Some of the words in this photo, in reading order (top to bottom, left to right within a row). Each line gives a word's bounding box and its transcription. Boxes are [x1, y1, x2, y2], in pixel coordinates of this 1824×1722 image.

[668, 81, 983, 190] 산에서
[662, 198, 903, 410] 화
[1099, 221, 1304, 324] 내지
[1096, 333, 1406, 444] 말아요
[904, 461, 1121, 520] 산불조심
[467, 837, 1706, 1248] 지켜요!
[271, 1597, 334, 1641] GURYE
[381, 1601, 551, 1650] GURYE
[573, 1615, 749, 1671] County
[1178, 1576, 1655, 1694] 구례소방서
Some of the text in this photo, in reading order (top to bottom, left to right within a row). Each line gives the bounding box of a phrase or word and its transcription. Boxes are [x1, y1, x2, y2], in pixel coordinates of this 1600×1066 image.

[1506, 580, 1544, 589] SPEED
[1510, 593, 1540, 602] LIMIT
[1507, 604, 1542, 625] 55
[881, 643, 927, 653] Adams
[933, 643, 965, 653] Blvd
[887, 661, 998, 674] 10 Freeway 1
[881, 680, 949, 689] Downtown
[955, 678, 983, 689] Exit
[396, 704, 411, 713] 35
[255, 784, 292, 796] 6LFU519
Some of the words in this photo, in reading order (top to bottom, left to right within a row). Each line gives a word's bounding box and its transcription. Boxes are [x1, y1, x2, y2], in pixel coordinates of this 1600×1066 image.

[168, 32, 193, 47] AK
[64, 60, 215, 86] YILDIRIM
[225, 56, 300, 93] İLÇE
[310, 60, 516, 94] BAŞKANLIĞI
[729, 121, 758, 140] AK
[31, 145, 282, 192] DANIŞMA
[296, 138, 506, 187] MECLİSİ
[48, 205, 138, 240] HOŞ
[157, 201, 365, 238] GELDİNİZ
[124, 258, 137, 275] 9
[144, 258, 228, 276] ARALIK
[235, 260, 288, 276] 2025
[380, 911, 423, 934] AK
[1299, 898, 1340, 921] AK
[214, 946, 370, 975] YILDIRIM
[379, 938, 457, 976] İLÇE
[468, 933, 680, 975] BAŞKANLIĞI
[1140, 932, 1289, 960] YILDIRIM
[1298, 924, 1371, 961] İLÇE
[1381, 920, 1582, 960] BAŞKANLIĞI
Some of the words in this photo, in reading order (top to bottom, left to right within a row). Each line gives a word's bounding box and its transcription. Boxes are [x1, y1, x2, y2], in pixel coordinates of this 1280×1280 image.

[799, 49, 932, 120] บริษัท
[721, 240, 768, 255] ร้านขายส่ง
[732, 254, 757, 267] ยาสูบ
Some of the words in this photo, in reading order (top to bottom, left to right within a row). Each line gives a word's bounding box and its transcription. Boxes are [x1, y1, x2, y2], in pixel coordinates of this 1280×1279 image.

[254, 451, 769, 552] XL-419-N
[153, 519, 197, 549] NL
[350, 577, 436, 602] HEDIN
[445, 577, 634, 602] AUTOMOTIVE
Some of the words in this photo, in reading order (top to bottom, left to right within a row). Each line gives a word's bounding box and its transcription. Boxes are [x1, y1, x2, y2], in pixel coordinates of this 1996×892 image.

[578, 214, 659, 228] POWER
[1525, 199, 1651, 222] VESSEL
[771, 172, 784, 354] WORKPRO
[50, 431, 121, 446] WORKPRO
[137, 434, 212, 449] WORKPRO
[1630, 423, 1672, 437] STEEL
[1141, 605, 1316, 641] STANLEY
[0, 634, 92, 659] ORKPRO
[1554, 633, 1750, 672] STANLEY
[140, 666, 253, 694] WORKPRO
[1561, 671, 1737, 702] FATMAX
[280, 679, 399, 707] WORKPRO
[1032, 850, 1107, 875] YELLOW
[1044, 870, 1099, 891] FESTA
———
* [Exercise prompt]
From the first line to the last, output the records word for word.

* [Completed task]
Some of the words in this photo, in reading order (top to bottom, left to right within a row). Each line gives a word's bounding box and its transcription. Boxes are [x1, y1, x2, y2], in pixel coordinates of this 1824×1722 image.

[668, 81, 983, 190] 산에서
[662, 198, 903, 410] 화
[1099, 221, 1304, 324] 내지
[1096, 333, 1406, 444] 말아요
[904, 461, 1121, 520] 산불조심
[467, 837, 1706, 1248] 지켜요!
[271, 1597, 334, 1641] GURYE
[381, 1601, 551, 1650] GURYE
[573, 1615, 749, 1671] County
[1178, 1576, 1655, 1694] 구례소방서
Some of the text in this photo, in reading order (top to bottom, left to right within a row). Each line gives the bounding box of a phrase or word and its transcription. Boxes are [x1, y1, x2, y2], in pixel coordinates of this 1600×1066 image.

[1506, 580, 1544, 589] SPEED
[1510, 593, 1540, 602] LIMIT
[1507, 604, 1542, 625] 55
[881, 643, 927, 653] Adams
[933, 643, 965, 653] Blvd
[887, 661, 998, 674] 10 Freeway 1
[881, 680, 949, 689] Downtown
[955, 678, 983, 689] Exit
[396, 704, 411, 713] 35
[255, 784, 292, 796] 6LFU519
Some of the words in this photo, in reading order (top to bottom, left to right within a row). Each line gives a word's bounding box and its transcription. Boxes are [x1, y1, x2, y2], in pixel coordinates of this 1600×1066 image.

[168, 32, 193, 47] AK
[64, 60, 215, 86] YILDIRIM
[225, 56, 300, 93] İLÇE
[310, 60, 516, 94] BAŞKANLIĞI
[729, 121, 758, 140] AK
[31, 145, 282, 192] DANIŞMA
[296, 138, 506, 187] MECLİSİ
[48, 205, 138, 240] HOŞ
[157, 201, 365, 238] GELDİNİZ
[124, 258, 137, 275] 9
[144, 258, 228, 276] ARALIK
[235, 260, 288, 276] 2025
[380, 911, 423, 934] AK
[1299, 898, 1340, 921] AK
[214, 946, 370, 975] YILDIRIM
[379, 938, 457, 976] İLÇE
[468, 933, 680, 975] BAŞKANLIĞI
[1140, 932, 1289, 960] YILDIRIM
[1298, 924, 1371, 961] İLÇE
[1381, 920, 1582, 960] BAŞKANLIĞI
Some of the words in this photo, in reading order (top to bottom, left to right within a row). Each line gives a word's bounding box and its transcription. Boxes are [x1, y1, x2, y2], in pixel coordinates of this 1280×1280 image.

[799, 49, 932, 120] บริษัท
[721, 240, 768, 255] ร้านขายส่ง
[732, 254, 757, 267] ยาสูบ
Some of the words in this photo, in reading order (top to bottom, left to right within a row). Each line gives a word's bounding box and its transcription. Boxes are [x1, y1, x2, y2], in pixel coordinates of this 1280×1279 image.

[254, 451, 769, 552] XL-419-N
[153, 519, 197, 549] NL
[350, 577, 436, 602] HEDIN
[445, 577, 634, 602] AUTOMOTIVE
Some of the words in this photo, in reading order (top to bottom, left to right within a row). Each line gives a word's bounding box and its transcription. Boxes are [x1, y1, x2, y2], in pixel coordinates of this 1996×892 image.

[578, 214, 659, 228] POWER
[1525, 199, 1651, 222] VESSEL
[771, 172, 784, 354] WORKPRO
[50, 431, 121, 446] WORKPRO
[137, 434, 212, 449] WORKPRO
[1630, 423, 1672, 437] STEEL
[1141, 605, 1316, 641] STANLEY
[0, 634, 92, 659] ORKPRO
[1554, 633, 1750, 672] STANLEY
[140, 666, 253, 694] WORKPRO
[1561, 671, 1737, 702] FATMAX
[280, 679, 399, 707] WORKPRO
[1032, 850, 1107, 875] YELLOW
[1044, 870, 1099, 891] FESTA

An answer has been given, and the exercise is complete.